[Extracted data]:
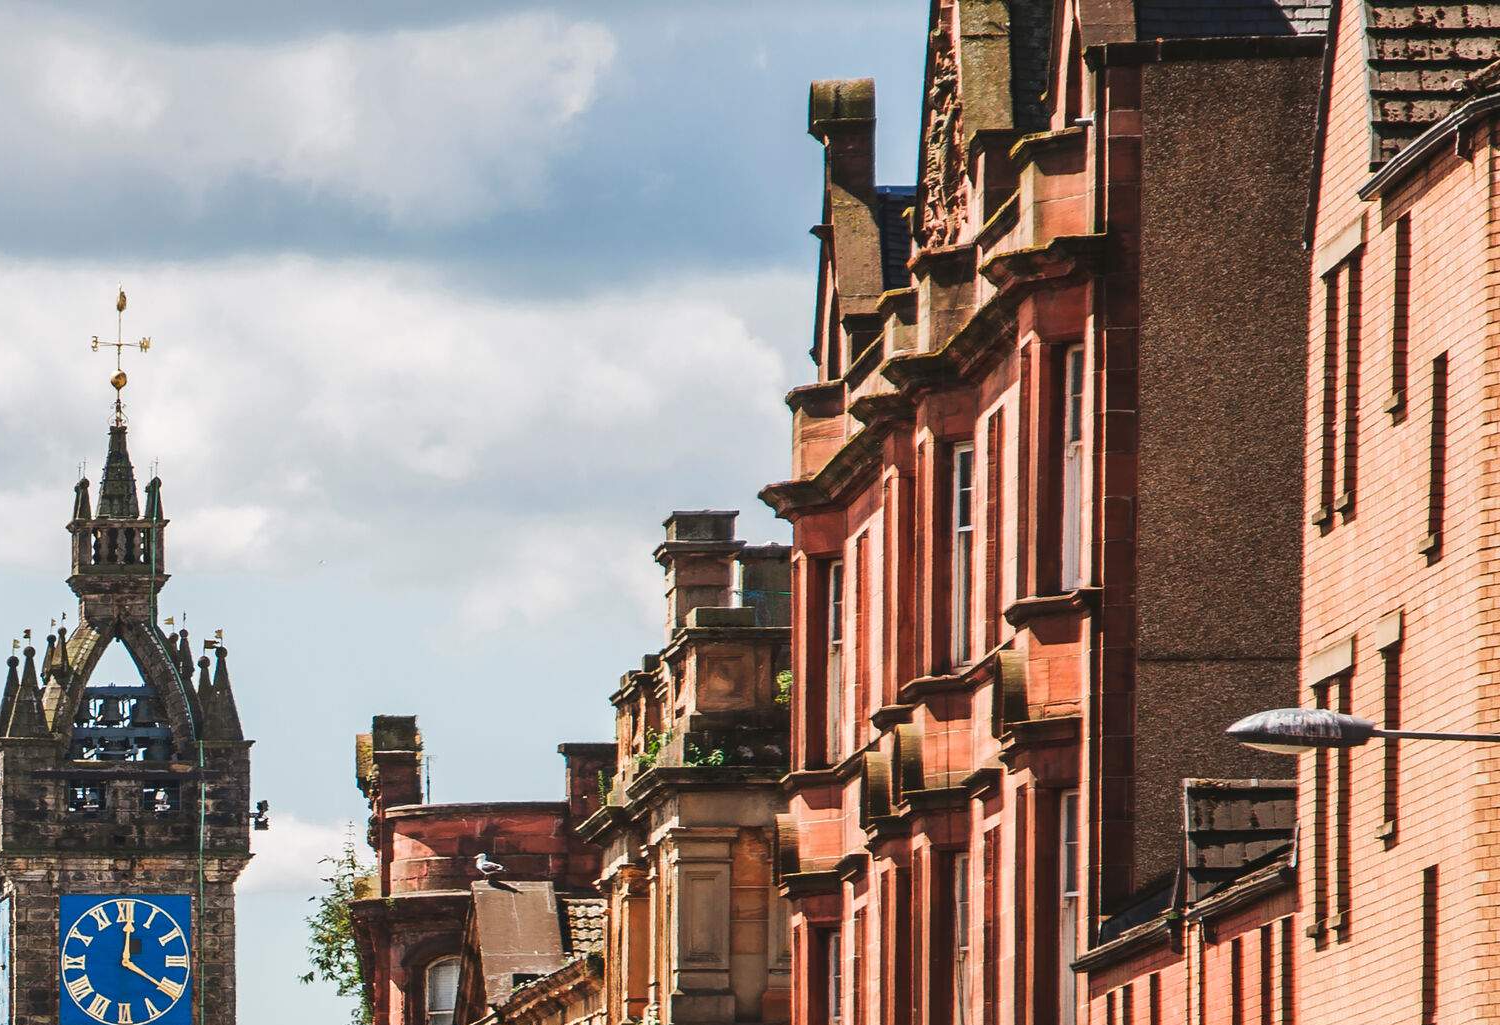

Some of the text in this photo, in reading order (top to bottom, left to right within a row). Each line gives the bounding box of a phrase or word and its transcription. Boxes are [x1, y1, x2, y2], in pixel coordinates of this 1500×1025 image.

[89, 907, 112, 931] XI
[116, 901, 135, 923] XII
[143, 907, 160, 929] I
[70, 927, 94, 947] X
[158, 927, 181, 946] II
[64, 954, 86, 970] IX
[165, 955, 188, 968] III
[68, 974, 94, 1002] VIII
[87, 993, 112, 1020] VII
[117, 1003, 133, 1024] VI
[144, 997, 162, 1018] V
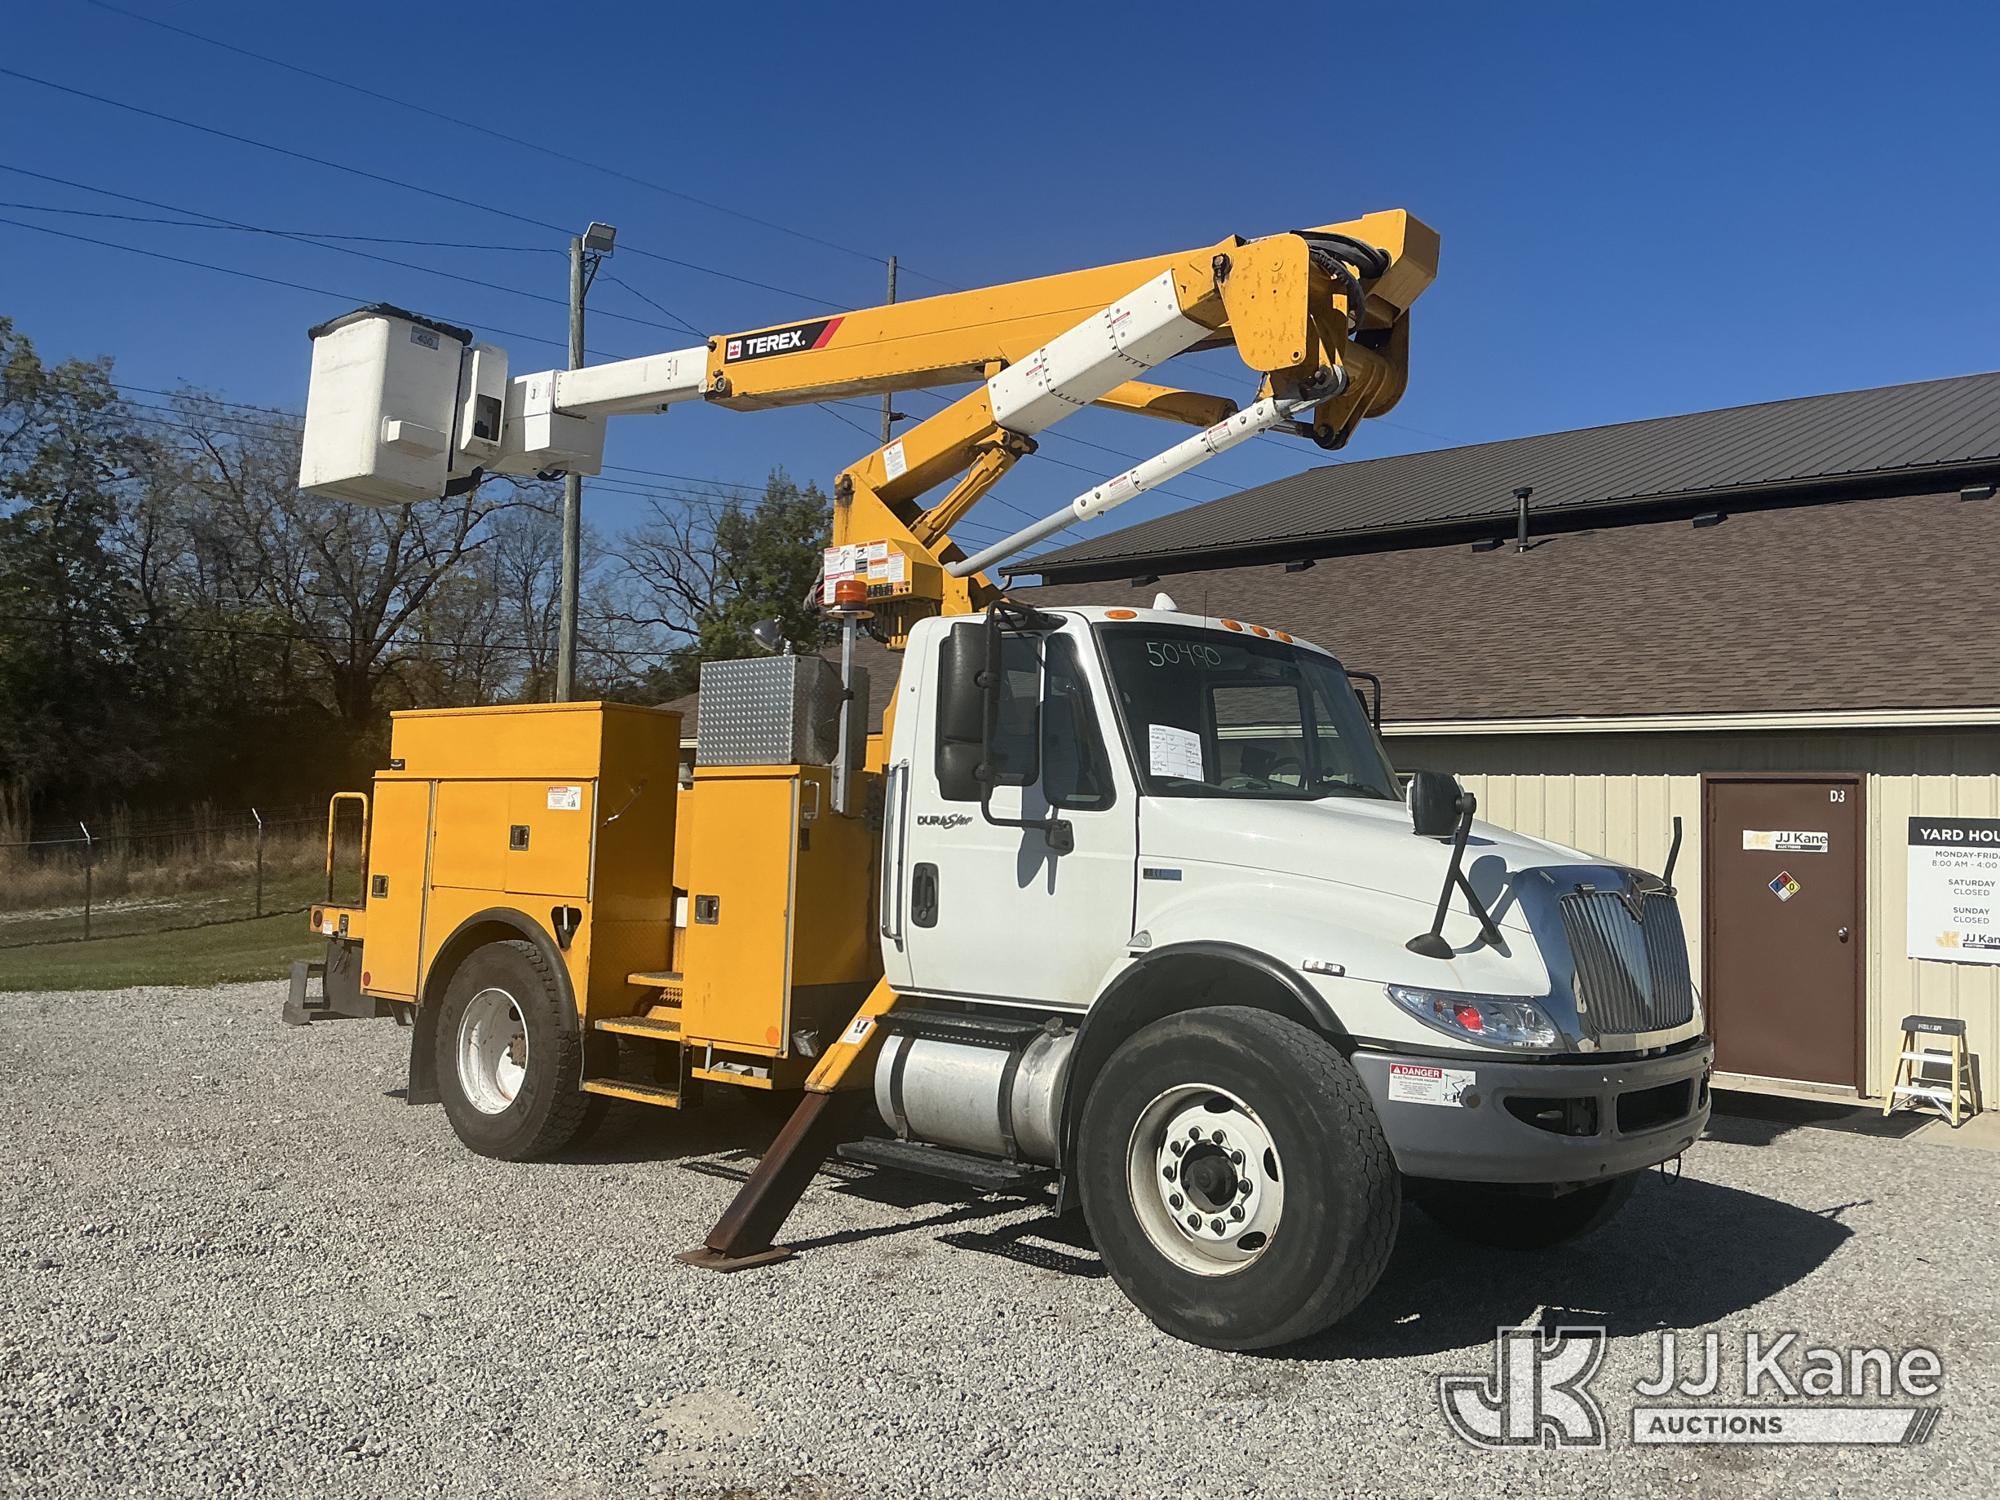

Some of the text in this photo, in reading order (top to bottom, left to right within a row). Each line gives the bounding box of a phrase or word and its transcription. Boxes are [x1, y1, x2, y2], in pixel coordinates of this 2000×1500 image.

[1146, 642, 1221, 668] 50490
[1830, 790, 1845, 802] D3
[1776, 833, 1790, 843] JJ
[1794, 833, 1828, 844] Kane
[1920, 828, 1964, 841] YARD
[1935, 851, 2000, 859] MONDAY-FRID
[1948, 879, 1996, 887] SATURDAY
[1953, 888, 1990, 896] CLOSED
[1953, 906, 1990, 915] SUNDAY
[1953, 916, 1990, 924] CLOSED
[1963, 933, 1975, 942] JJ
[1401, 1067, 1440, 1078] DANGER
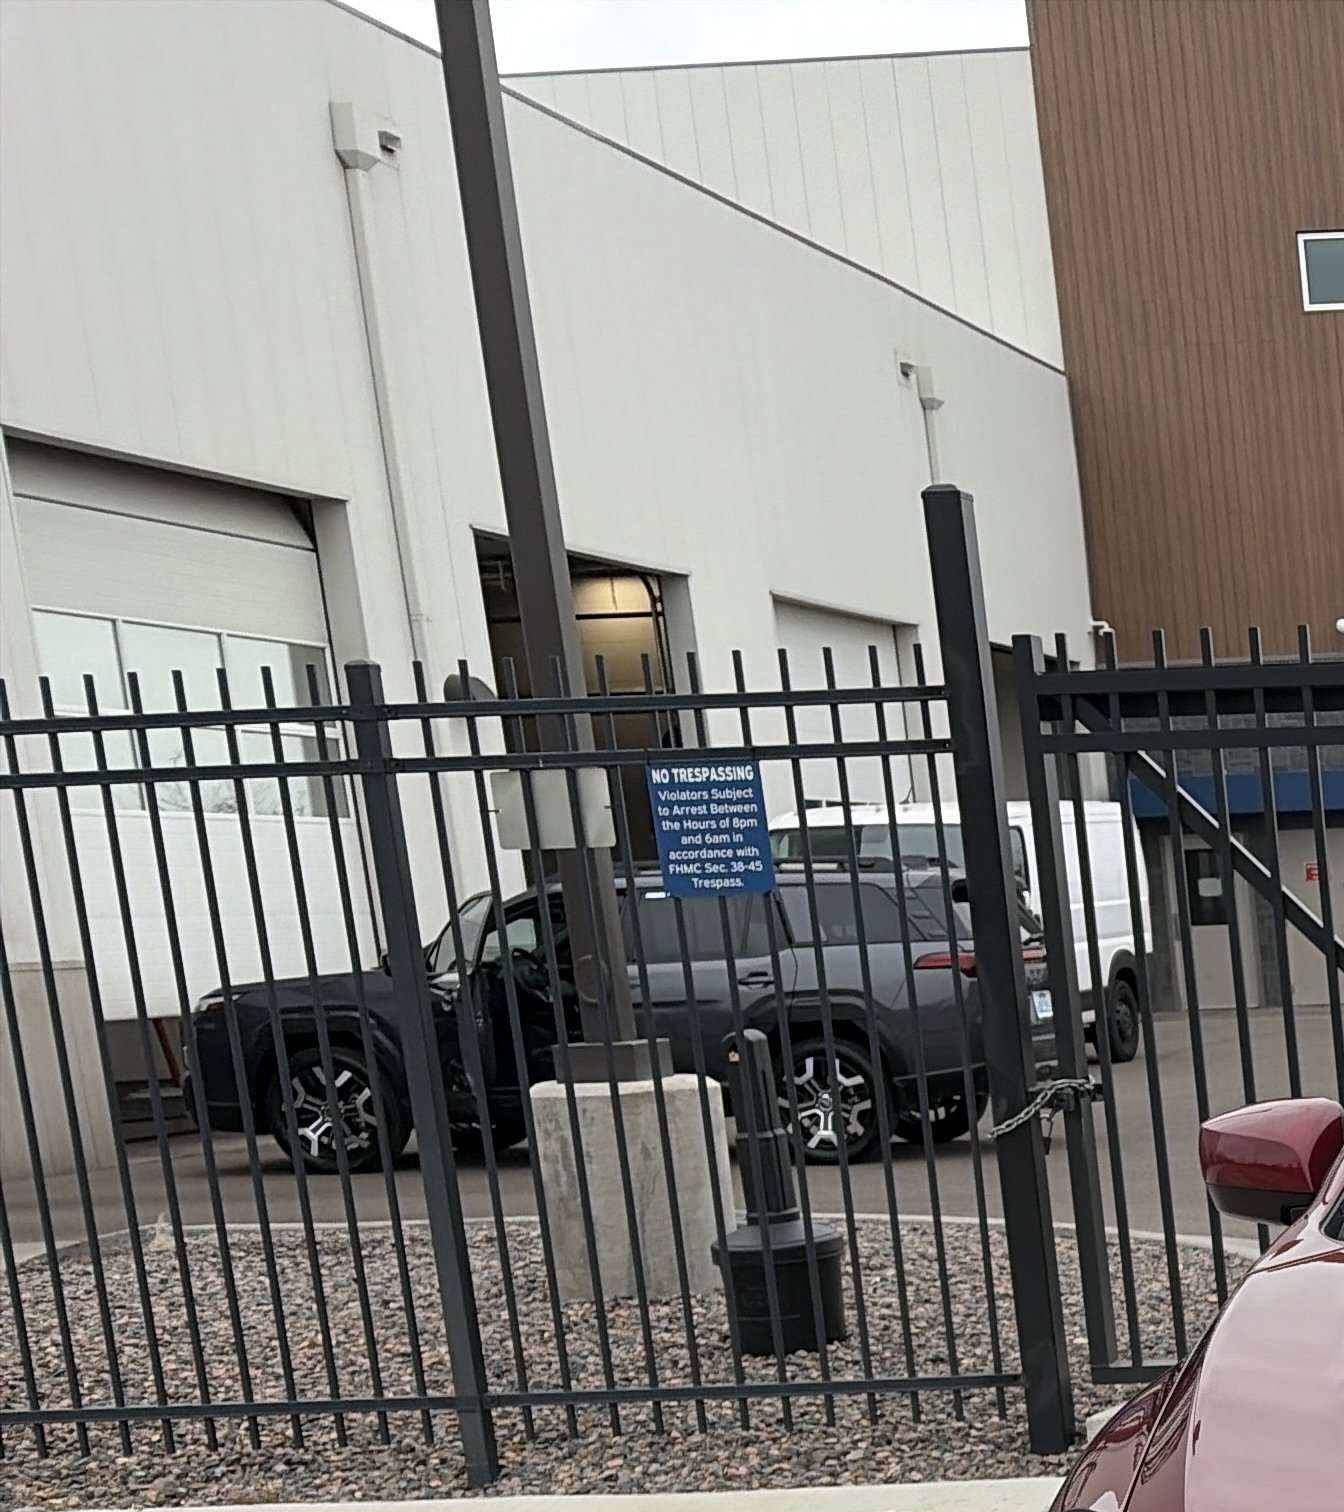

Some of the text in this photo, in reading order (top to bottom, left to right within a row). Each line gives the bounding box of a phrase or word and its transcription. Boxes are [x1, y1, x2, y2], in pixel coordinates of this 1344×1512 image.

[652, 765, 754, 784] NO TRESPASSING
[658, 787, 753, 801] Violators Subject
[658, 803, 758, 816] to Arrest Between
[662, 817, 758, 831] the Hours of 8pm
[681, 832, 743, 845] and 6am in
[669, 847, 759, 860] accordance with
[668, 860, 763, 874] FHMC Sec. 38-45
[691, 877, 744, 890] Trespass.

[Required work]:
In your copy of the entries above, keep the text exact and leave out the pictures.

[Response to the task]:
Some of the text in this photo, in reading order (top to bottom, left to right within a row). Each line gives the bounding box of a phrase or word and its transcription. Boxes are [x1, y1, x2, y2], in pixel coordinates of this 1500×1025 image.

[89, 907, 112, 931] XI
[116, 901, 135, 923] XII
[143, 907, 160, 929] I
[70, 927, 94, 947] X
[158, 927, 181, 946] II
[64, 954, 86, 970] IX
[165, 955, 188, 968] III
[68, 974, 94, 1002] VIII
[87, 993, 112, 1020] VII
[117, 1003, 133, 1024] VI
[144, 997, 162, 1018] V

Some of the text in this photo, in reading order (top to bottom, left to right within a row). Each line gives the bounding box of a phrase or word and its transcription. Boxes are [x1, y1, x2, y2], in pixel coordinates of this 2000×1500 image.

[1146, 642, 1221, 668] 50490
[1830, 790, 1845, 802] D3
[1776, 833, 1790, 843] JJ
[1794, 833, 1828, 844] Kane
[1920, 828, 1964, 841] YARD
[1935, 851, 2000, 859] MONDAY-FRID
[1948, 879, 1996, 887] SATURDAY
[1953, 888, 1990, 896] CLOSED
[1953, 906, 1990, 915] SUNDAY
[1953, 916, 1990, 924] CLOSED
[1963, 933, 1975, 942] JJ
[1401, 1067, 1440, 1078] DANGER

Some of the text in this photo, in reading order (top to bottom, left to right within a row). Each line gives the bounding box of a phrase or word and its transcription. Boxes are [x1, y1, x2, y2], in pixel coordinates of this 1344×1512 image.

[652, 765, 754, 784] NO TRESPASSING
[658, 787, 753, 801] Violators Subject
[658, 803, 758, 816] to Arrest Between
[662, 817, 758, 831] the Hours of 8pm
[681, 832, 743, 845] and 6am in
[669, 847, 759, 860] accordance with
[668, 860, 763, 874] FHMC Sec. 38-45
[691, 877, 744, 890] Trespass.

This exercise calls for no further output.